3.The nurse has arranged to start an IV line for a client with pancreatitis. The nurse notes that the client appears anxious about the procedure. Which of the following is the most appropriate response by the nurse to decrease the client’s anxiety?
A)“I will start an IV, which should not take much time.”
B)“I will start an IV with an 18 gauge needle.”
C)“I will start an IV that will add fluids directly to the blood stream.”
D)“I will start an IV, which should not cause you any pain.”
Ans:C
Feedback:
The nurse should explain the procedure and its purpose. The nurse telling the client that it should not take much time does not convey the purpose of the procedure. It is unnecessary for the nurse to inform the client about the technical details of the catheter. Additionally, the nurse should not give false reassurance by telling the client that the procedure will not be painful.

4.A female client reports to her primary care physician with complaints of recent aggravated chest pain. The physician orders a cardiac stress test. The client tells the nurse that she does not want to take the test and feels she should instead continue with her current medication a little longer. Understanding that the client is anxious, what is the most appropriate response by the nurse?
A)“Emergency equipment is always kept ready.”
B)“Tell me more about how you are feeling.”
C)“Don’t you want to improve your health?”
D)“Most people tolerate the procedure quite well.”
Ans:B
Feedback:
The client may have been anxious due to fear and anxiety related to the stress test. The nurse should try to explore the client’s feelings by letting her express her concerns.
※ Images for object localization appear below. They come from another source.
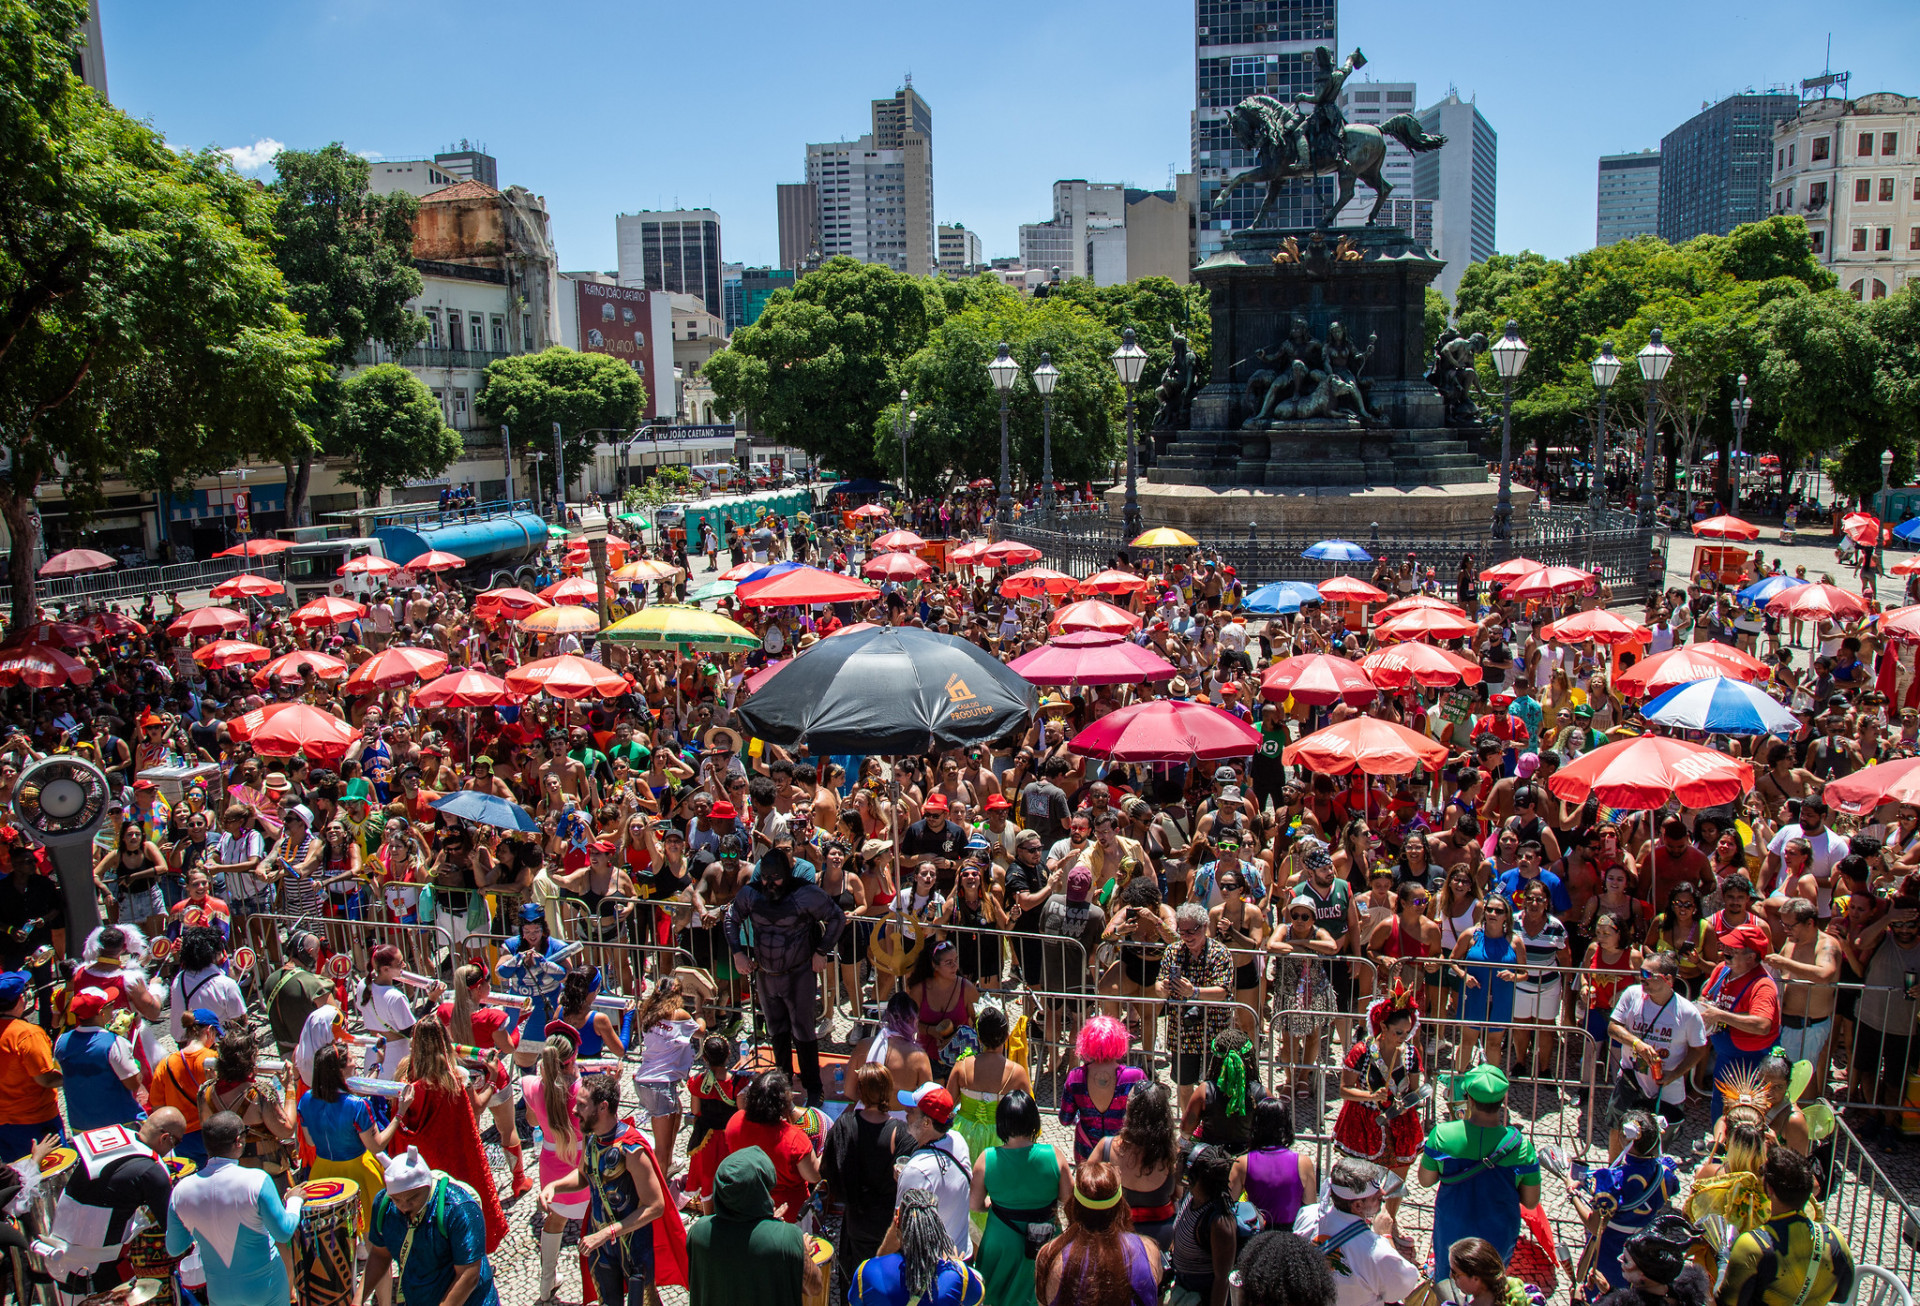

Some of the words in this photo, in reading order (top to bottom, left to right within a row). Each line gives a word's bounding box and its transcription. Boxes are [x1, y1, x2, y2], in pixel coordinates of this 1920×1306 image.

[623, 289, 646, 302] CAETANO
[617, 339, 635, 353] ANOS
[669, 428, 687, 439] JOÃO
[687, 428, 715, 438] CAETANO
[2, 658, 55, 675] BRAHMA
[1362, 652, 1409, 672] BRAHMA
[526, 667, 582, 682] BRAHMA
[1663, 664, 1723, 683] BRAHMA
[950, 705, 995, 721] PRODUTOR
[1661, 1027, 1673, 1037] DA
Asking the client open-ended questions is best because it expresses concern for the client and encourages the client to verbalize her feelings. Stating that emergency equipment is always kept ready evokes more fear and interrupts communication. Questioning whether the client wants to get well or that others have tolerated this procedure quite well is inappropriate.

5.A client is scheduled for thoracentesis, a painful procedure that is performed to drain fluid from the pleural space. The nurse assesses that the client appears anxious about the procedure and needs honest support and reassurance. What is the most appropriate response by the nurse to this client?
A)“I will be by your side throughout the procedure; the procedure will be painless if you don’t move.”
B)“The needle causes pain when it goes in, but I will be by your side throughout and will help you hold your position.”
C)“The procedure may take only 2 to 3 minutes, so you might get through it by mentally counting up to 120.”
D)“You may feel uncomfortable when the needle goes in, but remember that the stakes for this are very high.”
Ans:B
Feedback:
Thoracentesis is a painful procedure and it is important to sit still to avoid injuring the pleura. The nurse should reassure the client that he or she will be present during the procedure and help her throughout. The nurse should provide correct knowledge as well as reassurance. Likewise, the nurse should avoid giving false reassurance about the procedure being painless. Additionally, the nurse should normally abstain from stating facts that could scare the client. The nurse should not use an authoritarian approach.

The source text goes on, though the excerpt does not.